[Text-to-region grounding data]
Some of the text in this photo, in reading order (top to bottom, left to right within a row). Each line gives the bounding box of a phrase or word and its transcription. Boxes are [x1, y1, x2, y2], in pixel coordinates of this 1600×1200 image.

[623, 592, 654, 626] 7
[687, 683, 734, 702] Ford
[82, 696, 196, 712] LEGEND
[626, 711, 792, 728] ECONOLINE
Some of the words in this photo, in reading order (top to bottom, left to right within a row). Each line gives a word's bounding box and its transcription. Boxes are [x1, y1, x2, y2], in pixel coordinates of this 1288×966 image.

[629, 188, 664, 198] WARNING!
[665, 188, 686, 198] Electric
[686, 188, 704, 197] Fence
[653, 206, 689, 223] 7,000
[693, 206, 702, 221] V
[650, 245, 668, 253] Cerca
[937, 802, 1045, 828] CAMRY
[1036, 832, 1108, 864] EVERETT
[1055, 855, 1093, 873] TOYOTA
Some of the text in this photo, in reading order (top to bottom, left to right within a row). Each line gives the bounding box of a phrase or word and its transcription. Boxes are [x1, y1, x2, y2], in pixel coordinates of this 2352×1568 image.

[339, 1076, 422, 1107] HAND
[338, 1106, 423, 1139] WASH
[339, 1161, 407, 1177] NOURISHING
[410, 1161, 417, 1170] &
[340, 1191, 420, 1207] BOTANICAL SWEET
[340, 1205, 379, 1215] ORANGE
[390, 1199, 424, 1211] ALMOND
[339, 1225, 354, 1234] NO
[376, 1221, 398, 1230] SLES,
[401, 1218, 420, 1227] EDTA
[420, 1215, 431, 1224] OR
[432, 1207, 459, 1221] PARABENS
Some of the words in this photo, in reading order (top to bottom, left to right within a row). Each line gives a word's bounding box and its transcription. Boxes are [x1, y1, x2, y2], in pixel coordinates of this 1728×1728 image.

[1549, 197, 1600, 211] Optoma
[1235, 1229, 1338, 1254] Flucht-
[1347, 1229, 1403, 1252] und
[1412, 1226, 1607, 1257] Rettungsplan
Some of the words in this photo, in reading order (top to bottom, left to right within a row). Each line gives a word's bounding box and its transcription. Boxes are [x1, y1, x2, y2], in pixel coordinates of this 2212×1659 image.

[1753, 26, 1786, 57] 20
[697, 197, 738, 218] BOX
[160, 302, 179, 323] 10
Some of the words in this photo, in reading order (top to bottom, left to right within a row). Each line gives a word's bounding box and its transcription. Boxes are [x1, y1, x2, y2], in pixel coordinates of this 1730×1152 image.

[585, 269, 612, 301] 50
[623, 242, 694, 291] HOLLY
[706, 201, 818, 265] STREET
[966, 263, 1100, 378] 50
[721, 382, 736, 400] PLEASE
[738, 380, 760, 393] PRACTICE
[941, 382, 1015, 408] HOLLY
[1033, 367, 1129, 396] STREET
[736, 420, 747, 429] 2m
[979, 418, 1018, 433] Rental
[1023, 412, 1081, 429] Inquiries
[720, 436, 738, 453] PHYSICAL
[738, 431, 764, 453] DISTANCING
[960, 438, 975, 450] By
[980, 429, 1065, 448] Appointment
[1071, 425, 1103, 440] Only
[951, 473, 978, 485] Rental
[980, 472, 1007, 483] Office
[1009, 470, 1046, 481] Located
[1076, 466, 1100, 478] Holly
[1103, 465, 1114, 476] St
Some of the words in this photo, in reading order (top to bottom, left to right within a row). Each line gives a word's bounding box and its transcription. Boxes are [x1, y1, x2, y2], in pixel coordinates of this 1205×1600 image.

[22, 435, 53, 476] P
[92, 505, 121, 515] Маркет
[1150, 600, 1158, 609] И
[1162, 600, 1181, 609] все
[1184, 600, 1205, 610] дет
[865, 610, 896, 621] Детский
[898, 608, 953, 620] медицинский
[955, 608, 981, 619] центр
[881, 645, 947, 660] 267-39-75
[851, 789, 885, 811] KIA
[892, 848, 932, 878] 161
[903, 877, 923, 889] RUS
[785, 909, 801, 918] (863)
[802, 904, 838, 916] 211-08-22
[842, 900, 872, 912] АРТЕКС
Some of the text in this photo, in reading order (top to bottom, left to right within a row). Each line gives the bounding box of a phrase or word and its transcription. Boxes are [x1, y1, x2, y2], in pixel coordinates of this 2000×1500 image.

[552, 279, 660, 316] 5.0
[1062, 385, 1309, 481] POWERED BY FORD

» **EXERCISE DIRECTIONS**
Your answer must be the lines from the one containing "this 1205×1600 image." through the last line of the entries, copied exactly, with no other lines.

» **RESULT**
Some of the words in this photo, in reading order (top to bottom, left to right within a row). Each line gives a word's bounding box and its transcription. Boxes are [x1, y1, x2, y2], in pixel coordinates of this 1205×1600 image.

[22, 435, 53, 476] P
[92, 505, 121, 515] Маркет
[1150, 600, 1158, 609] И
[1162, 600, 1181, 609] все
[1184, 600, 1205, 610] дет
[865, 610, 896, 621] Детский
[898, 608, 953, 620] медицинский
[955, 608, 981, 619] центр
[881, 645, 947, 660] 267-39-75
[851, 789, 885, 811] KIA
[892, 848, 932, 878] 161
[903, 877, 923, 889] RUS
[785, 909, 801, 918] (863)
[802, 904, 838, 916] 211-08-22
[842, 900, 872, 912] АРТЕКС
Some of the text in this photo, in reading order (top to bottom, left to right within a row). Each line gives the bounding box of a phrase or word and its transcription. Boxes are [x1, y1, x2, y2], in pixel coordinates of this 2000×1500 image.

[552, 279, 660, 316] 5.0
[1062, 385, 1309, 481] POWERED BY FORD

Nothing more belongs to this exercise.